Luke sets Acts 10 as a pivot where God builds a new people under Christ. Cornelius in Caesarea stands as a Roman centurion who fears God, gives alms, and prays. Though his post keeps him from converting to Judaism, God remembers his prayers and charity as a memorial and calls him by name. An angel tells him to send to Joppa for Simon Peter lodging with a tanner, because God will use a man, not the angel, to speak the gospel and tell him what to do.

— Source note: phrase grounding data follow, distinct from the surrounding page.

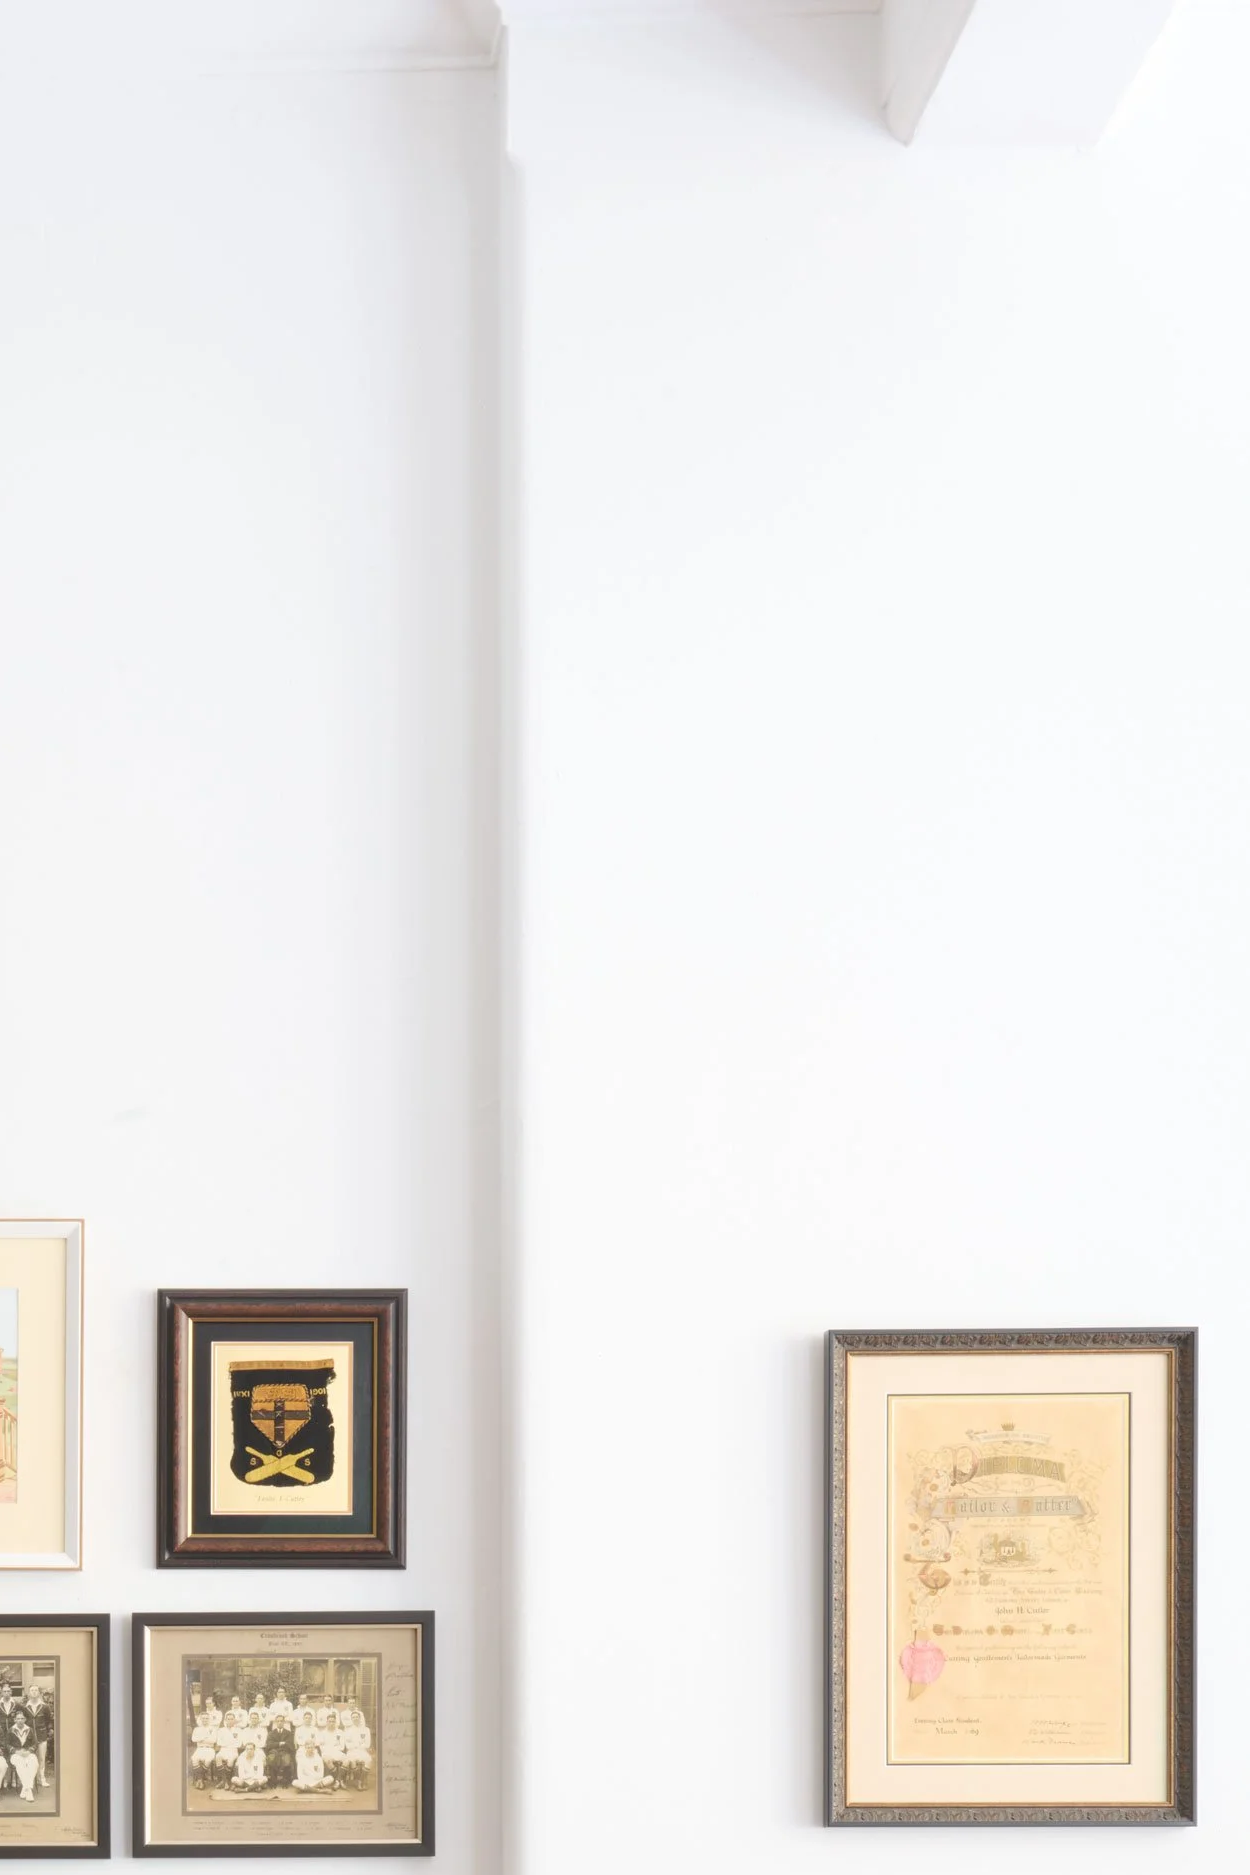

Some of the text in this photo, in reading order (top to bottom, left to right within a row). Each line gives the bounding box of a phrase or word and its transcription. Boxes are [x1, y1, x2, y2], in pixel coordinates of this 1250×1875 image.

[249, 1457, 257, 1466] S
[304, 1458, 311, 1466] S
[1000, 1502, 1012, 1514] &
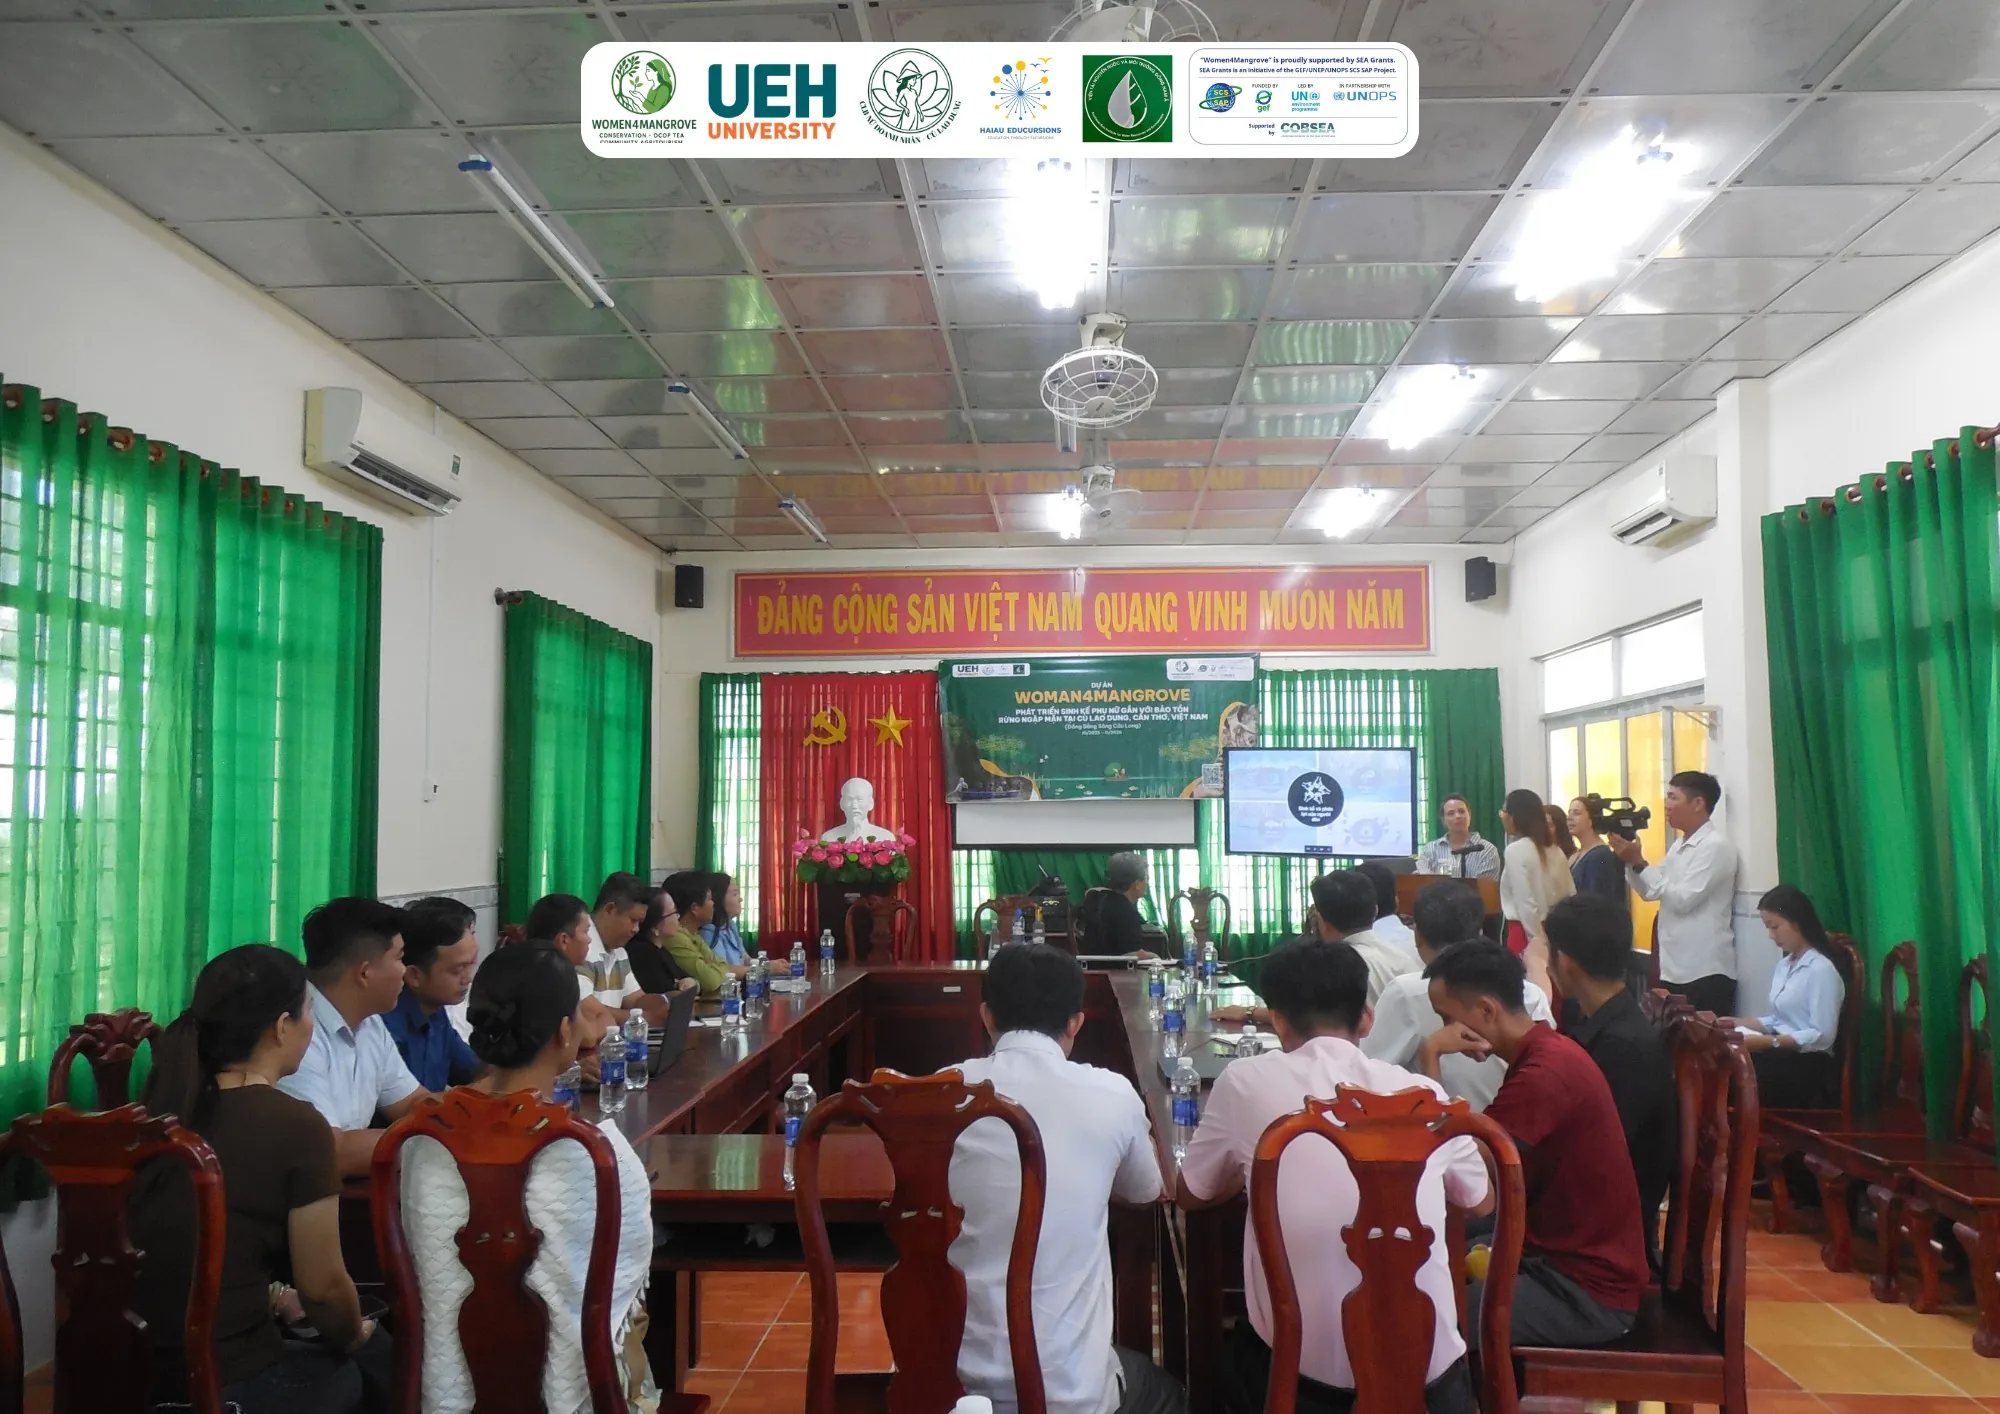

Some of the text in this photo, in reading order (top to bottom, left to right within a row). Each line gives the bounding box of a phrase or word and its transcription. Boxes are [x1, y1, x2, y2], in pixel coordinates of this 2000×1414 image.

[757, 577, 1404, 644] ĐẢNG CỘNG SẢN VIỆT NAM QUANG VINH MUÔN NĂM
[957, 665, 979, 673] UEH
[1014, 688, 1191, 704] WOMAN4MANGROVE
[1015, 708, 1036, 716] PHÁT
[1037, 705, 1060, 716] TRIỂN
[1080, 705, 1090, 716] KẾ
[1091, 707, 1108, 716] PHỤ
[1108, 705, 1121, 714] NỮ
[1139, 705, 1153, 715] VỚI
[998, 715, 1020, 724] RỪNG
[1022, 715, 1044, 725] NGẬP
[1044, 714, 1062, 724] MẶN
[1064, 715, 1076, 724] TẠI
[1076, 714, 1088, 722] CÙ
[1132, 712, 1150, 722] CẦN
[1170, 712, 1188, 722] VIỆT
[1190, 713, 1208, 721] NAM
[1124, 722, 1142, 730] Long)

Peter, meanwhile, sits on a flat roof at noon and falls into a trance. A sheet drops like a picnic cloth, full of unclean creatures, with a command: “Arise, Peter; kill and eat.” Peter answers, “Not so, Lord,” but the voice answers three times, “What God has cleansed, you must not call common.” The Spirit then tells him that three men are at the gate and to go with them doubting nothing. Peter invites the Gentiles in overnight, a shocking move, yet the tanner’s already-unclean house makes room for this step. He travels with them the next day.
Cornelius gathers relatives and close friends in faith that the man will come and that God will speak. When Peter enters, Cornelius falls at his feet; Peter lifts him up: “Stand up; I am just a man.” Crossing a Gentile threshold, Peter confesses that God has shown him to call no person common or unclean, and asks why he was sent. Cornelius recounts the vision and declares the room ready “in the presence of God” to hear all that God commanded.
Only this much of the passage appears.